* _Task prompt_:
No picture belongs in the copy. Repeat each line below exactly.

BEGIN Available data

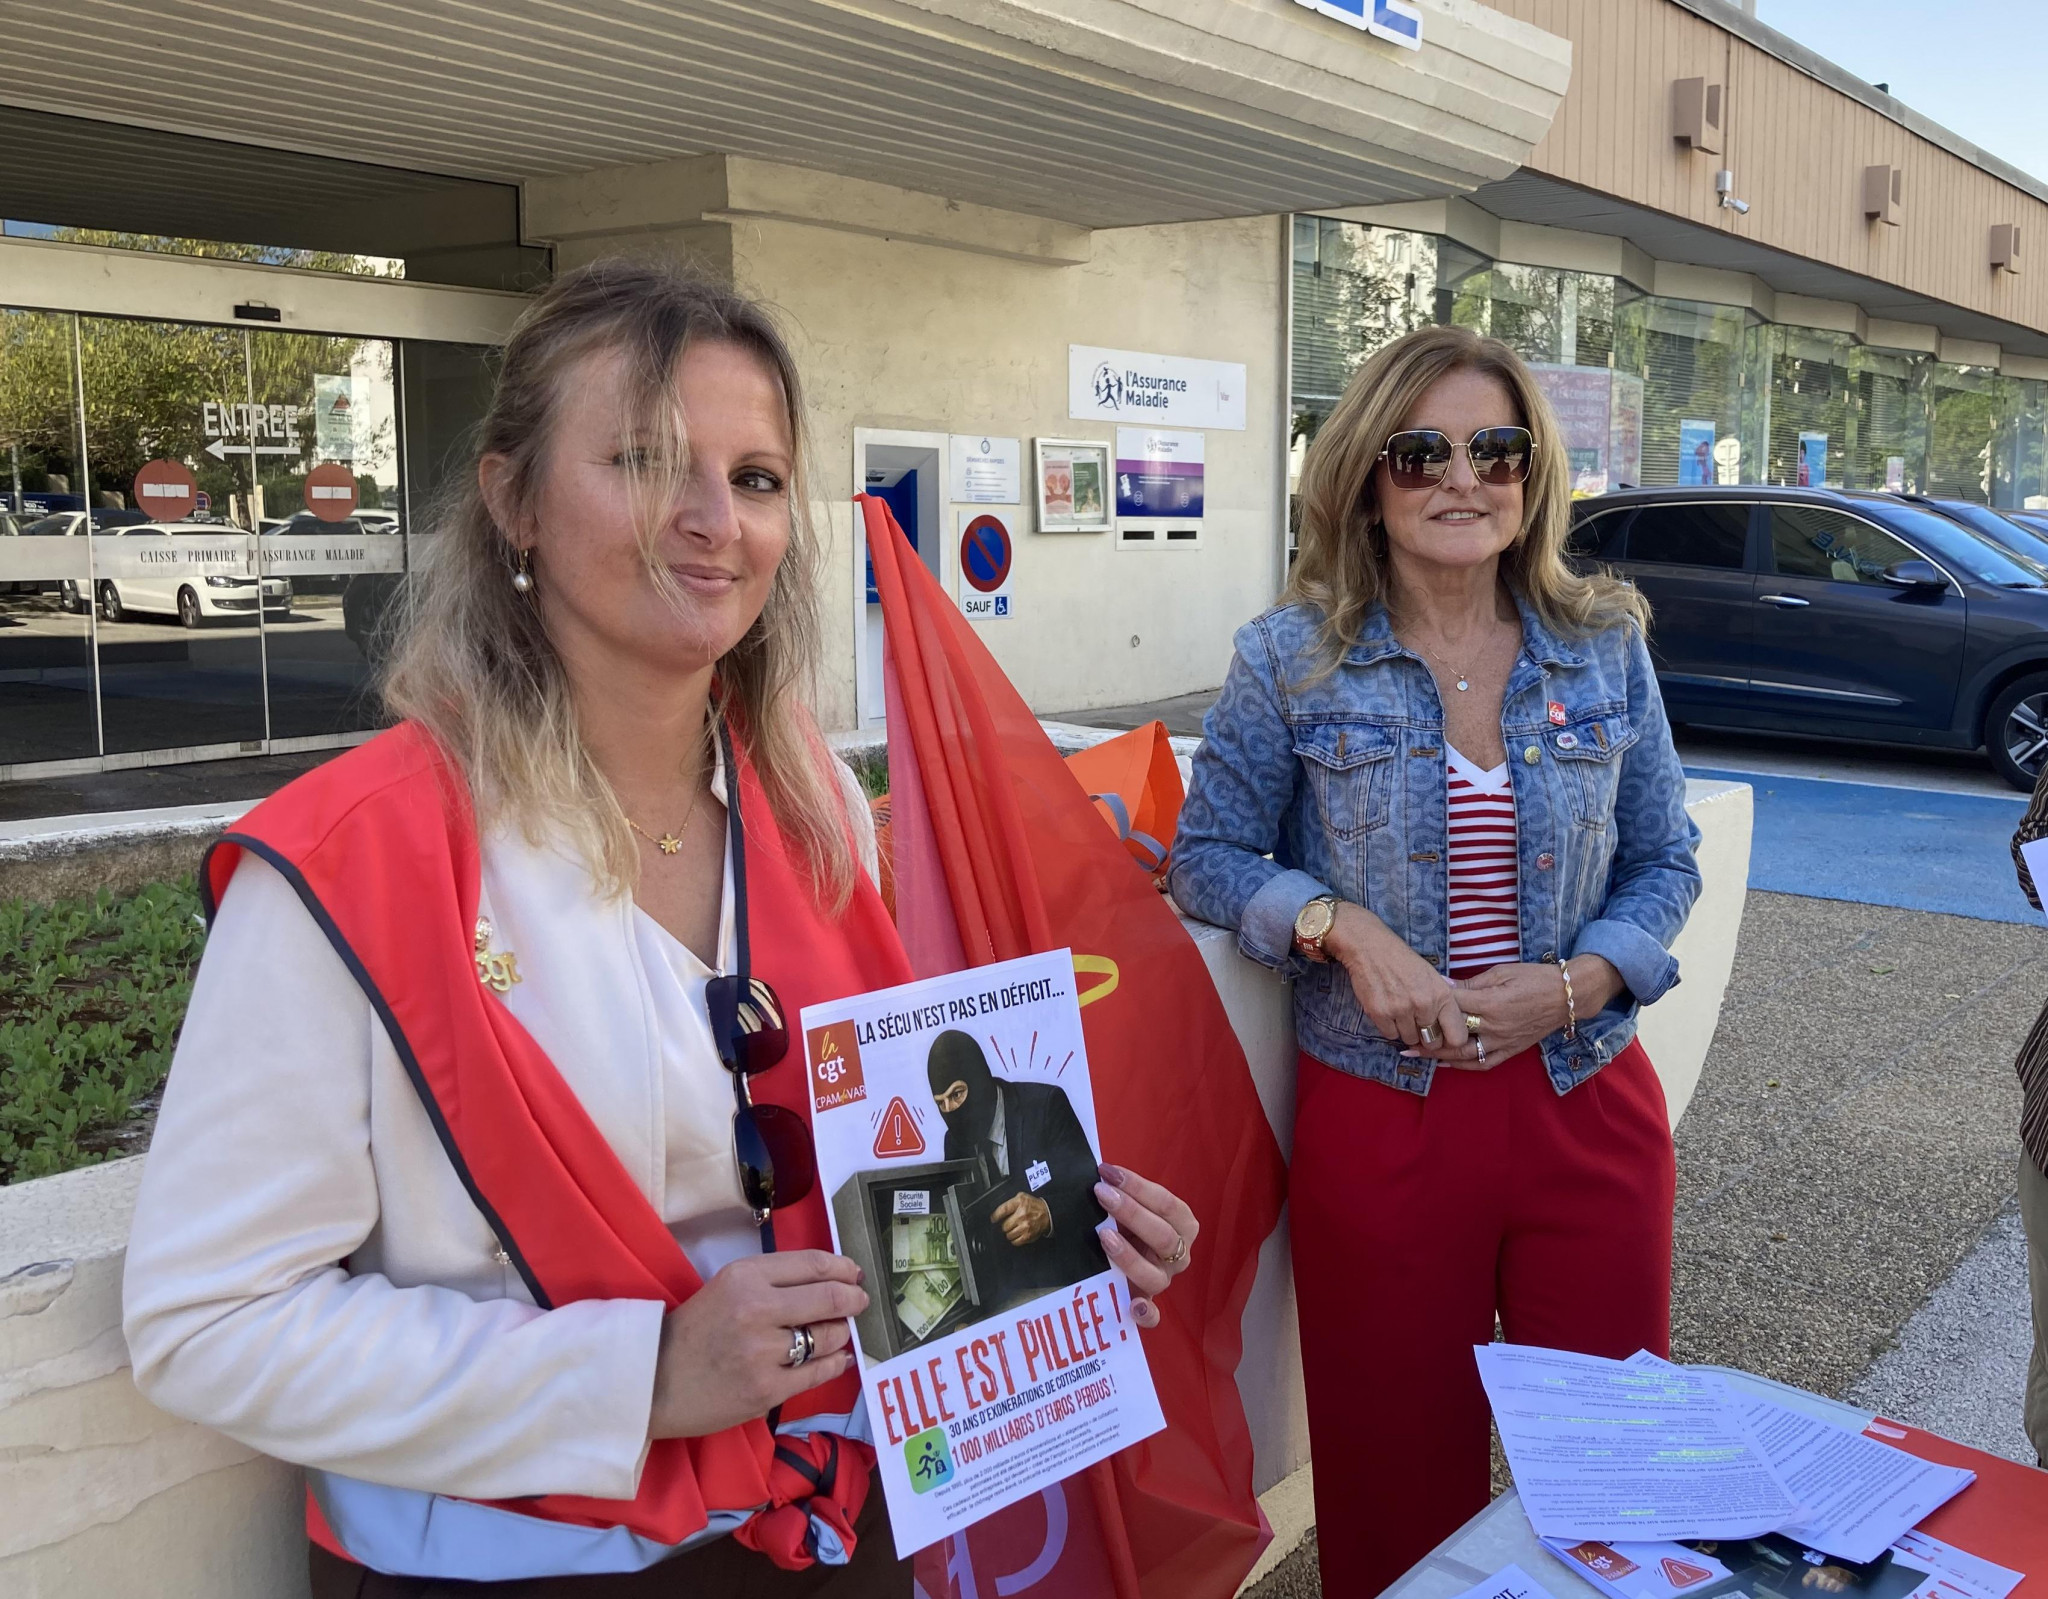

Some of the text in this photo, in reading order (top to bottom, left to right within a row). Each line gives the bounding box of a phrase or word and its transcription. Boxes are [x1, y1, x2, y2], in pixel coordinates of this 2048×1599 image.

[1125, 370, 1187, 392] l'Assurance
[1125, 390, 1169, 408] Maladie
[203, 402, 301, 438] ENTREE
[140, 551, 178, 563] CAISSE
[188, 550, 237, 563] PRIMAIRE
[262, 549, 316, 562] ASSURANCE
[325, 548, 365, 561] MALADIE
[965, 600, 991, 613] SAUF
[856, 978, 1065, 1046] LA SÉCU N'EST PAS EN DÉFICIT...
[817, 1055, 847, 1083] cgt
[1028, 1166, 1049, 1182] PLFSS
[898, 1191, 924, 1200] Sécurité
[900, 1200, 923, 1208] Sociale
[877, 1282, 1127, 1446] ELLE EST PILLÉE !
[948, 1421, 961, 1439] 30
[963, 1414, 980, 1434] ANS
[1045, 1379, 1056, 1396] DE
[1055, 1358, 1101, 1391] COTISATIONS
[982, 1411, 1036, 1455] MILLIARDS
[1035, 1393, 1076, 1430] D'EUROS
[1074, 1377, 1111, 1411] PERDUS
[1109, 1373, 1117, 1395] !
[1588, 1555, 1613, 1570] cgt

END Available data

* _Task response_:
Some of the text in this photo, in reading order (top to bottom, left to right within a row). Each line gives the bounding box of a phrase or word and its transcription. Boxes are [x1, y1, x2, y2], in pixel coordinates of this 2048×1599 image.

[1125, 370, 1187, 392] l'Assurance
[1125, 390, 1169, 408] Maladie
[203, 402, 301, 438] ENTREE
[140, 551, 178, 563] CAISSE
[188, 550, 237, 563] PRIMAIRE
[262, 549, 316, 562] ASSURANCE
[325, 548, 365, 561] MALADIE
[965, 600, 991, 613] SAUF
[856, 978, 1065, 1046] LA SÉCU N'EST PAS EN DÉFICIT...
[817, 1055, 847, 1083] cgt
[1028, 1166, 1049, 1182] PLFSS
[898, 1191, 924, 1200] Sécurité
[900, 1200, 923, 1208] Sociale
[877, 1282, 1127, 1446] ELLE EST PILLÉE !
[948, 1421, 961, 1439] 30
[963, 1414, 980, 1434] ANS
[1045, 1379, 1056, 1396] DE
[1055, 1358, 1101, 1391] COTISATIONS
[982, 1411, 1036, 1455] MILLIARDS
[1035, 1393, 1076, 1430] D'EUROS
[1074, 1377, 1111, 1411] PERDUS
[1109, 1373, 1117, 1395] !
[1588, 1555, 1613, 1570] cgt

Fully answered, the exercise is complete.